▶ THE PROBLEM: All of the listing should be returned as written, apart from any picture in it.

▶ RECORDS SHOWN:

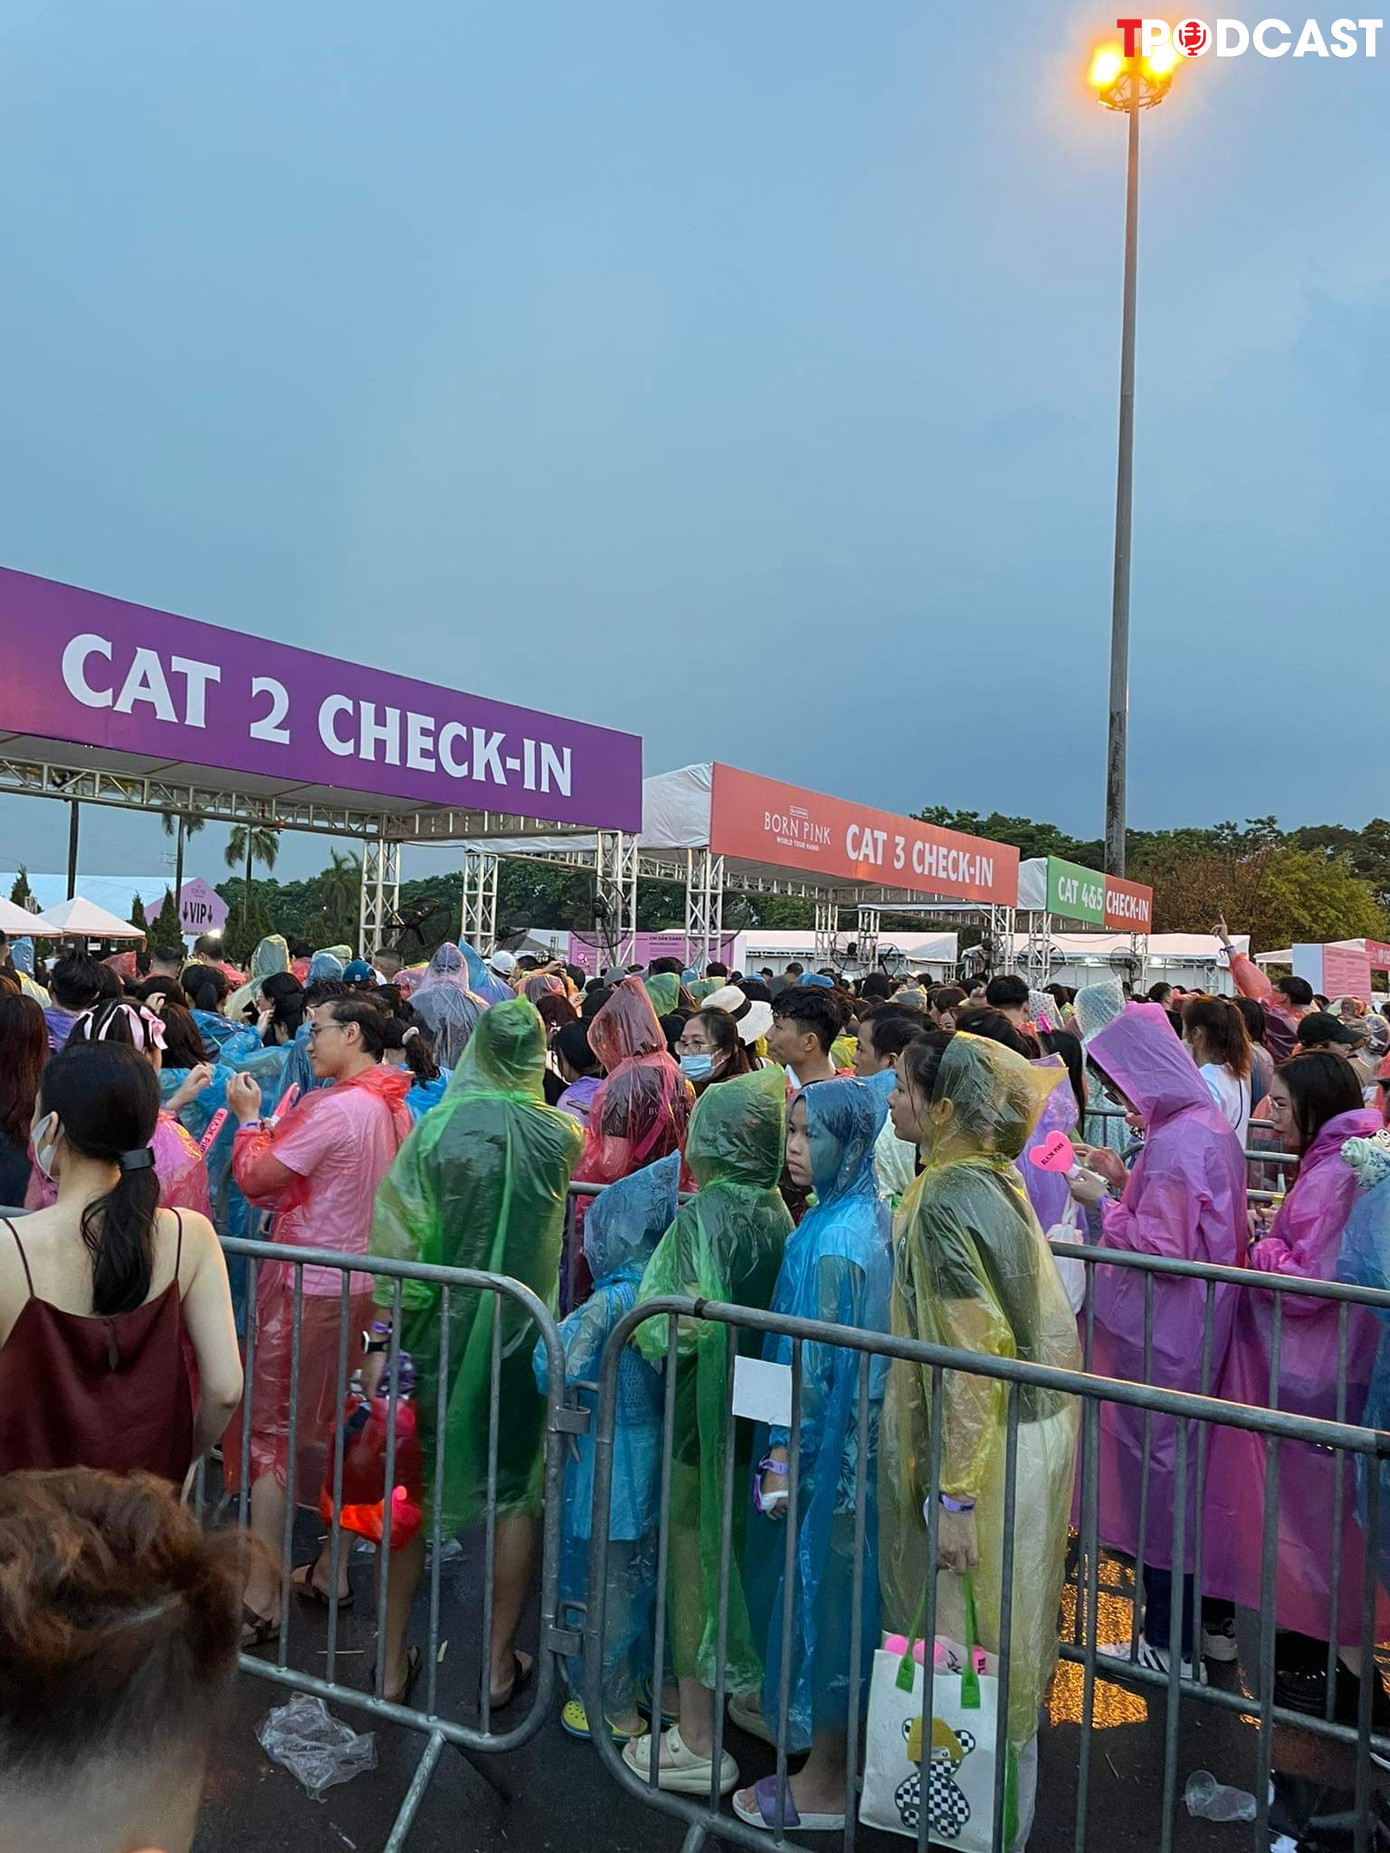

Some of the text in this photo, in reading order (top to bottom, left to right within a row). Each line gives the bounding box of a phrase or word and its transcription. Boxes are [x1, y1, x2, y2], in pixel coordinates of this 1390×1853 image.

[61, 633, 572, 797] CAT 2 CHECK-IN
[764, 811, 832, 845] BORN PINK
[845, 823, 994, 888] CAT 3 CHECK-IN
[189, 901, 208, 924] VIP
[1057, 875, 1150, 922] CAT 4&5 CHECK-IN
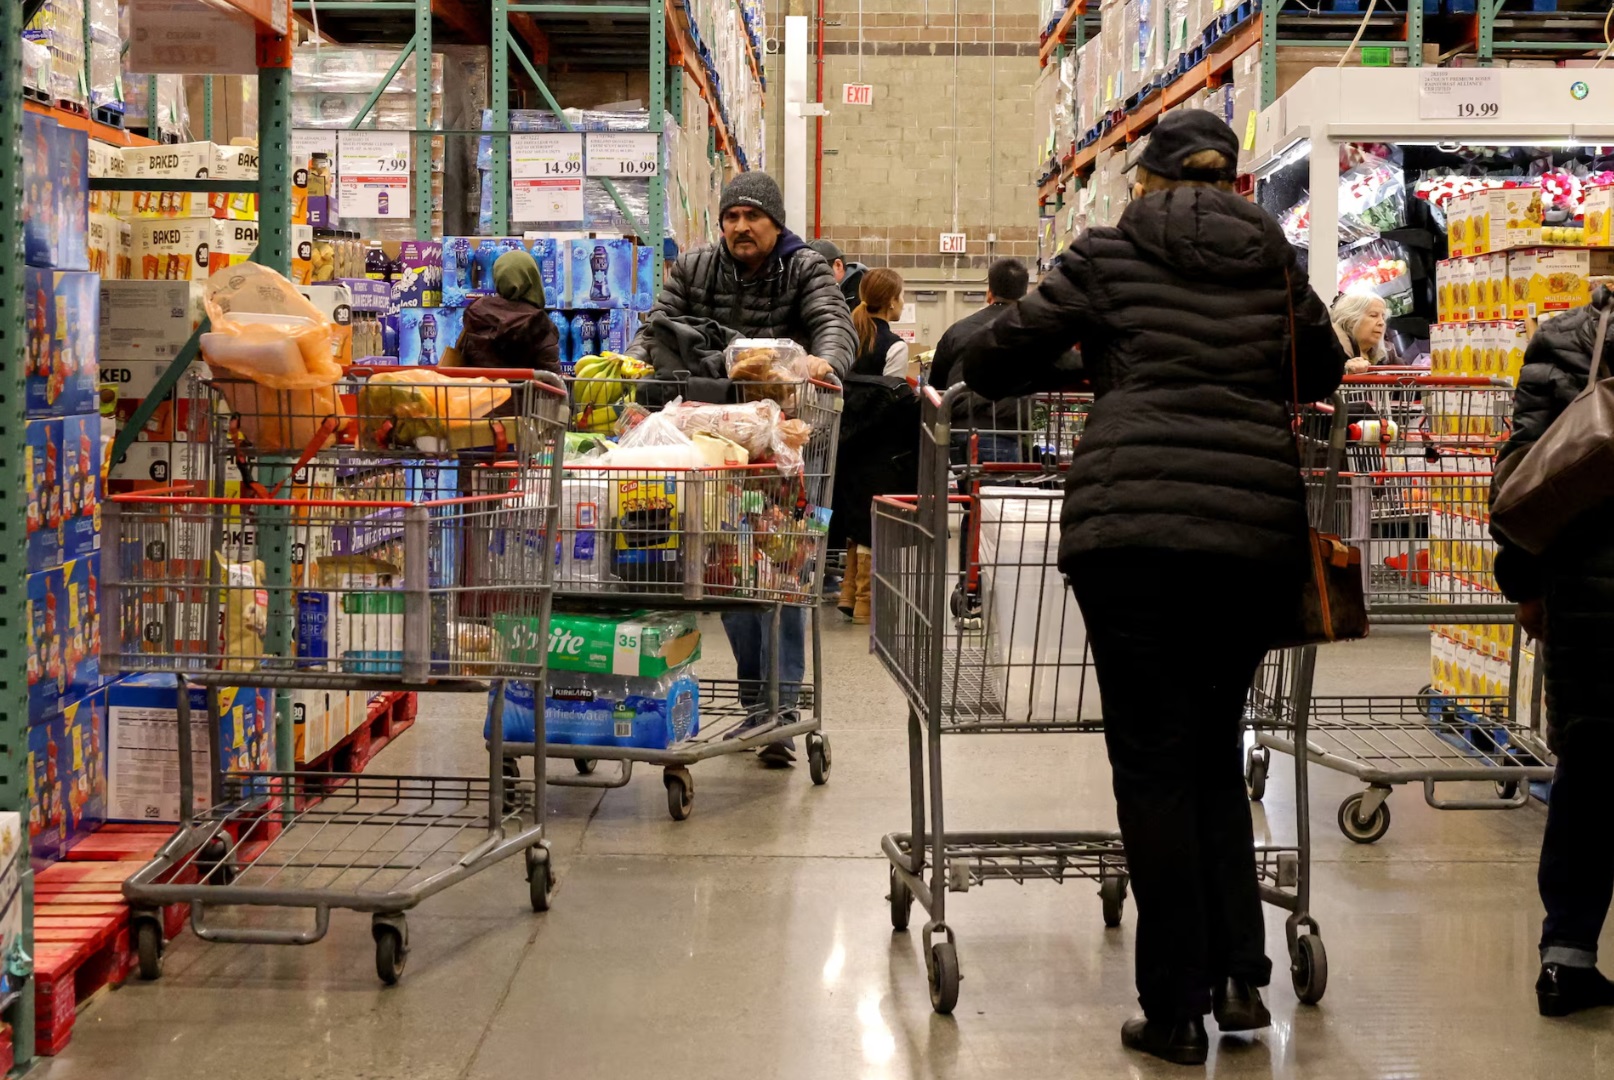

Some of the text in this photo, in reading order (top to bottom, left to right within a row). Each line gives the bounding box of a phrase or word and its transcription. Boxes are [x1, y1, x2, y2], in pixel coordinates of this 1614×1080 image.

▶ WRITTEN REPLY:
Some of the text in this photo, in reading order (top to bottom, left to right within a row). Each line gives the bounding box of a phrase or word and its transcription. Boxes are [x1, y1, x2, y2], in pixel coordinates of this 1390×1853 image.

[61, 633, 572, 797] CAT 2 CHECK-IN
[764, 811, 832, 845] BORN PINK
[845, 823, 994, 888] CAT 3 CHECK-IN
[189, 901, 208, 924] VIP
[1057, 875, 1150, 922] CAT 4&5 CHECK-IN

Some of the text in this photo, in reading order (top to bottom, left to right within a row). Each line gives the bounding box of a phrase or word and its transcription. Boxes are [x1, y1, x2, y2], in pixel coordinates of this 1614×1080 image.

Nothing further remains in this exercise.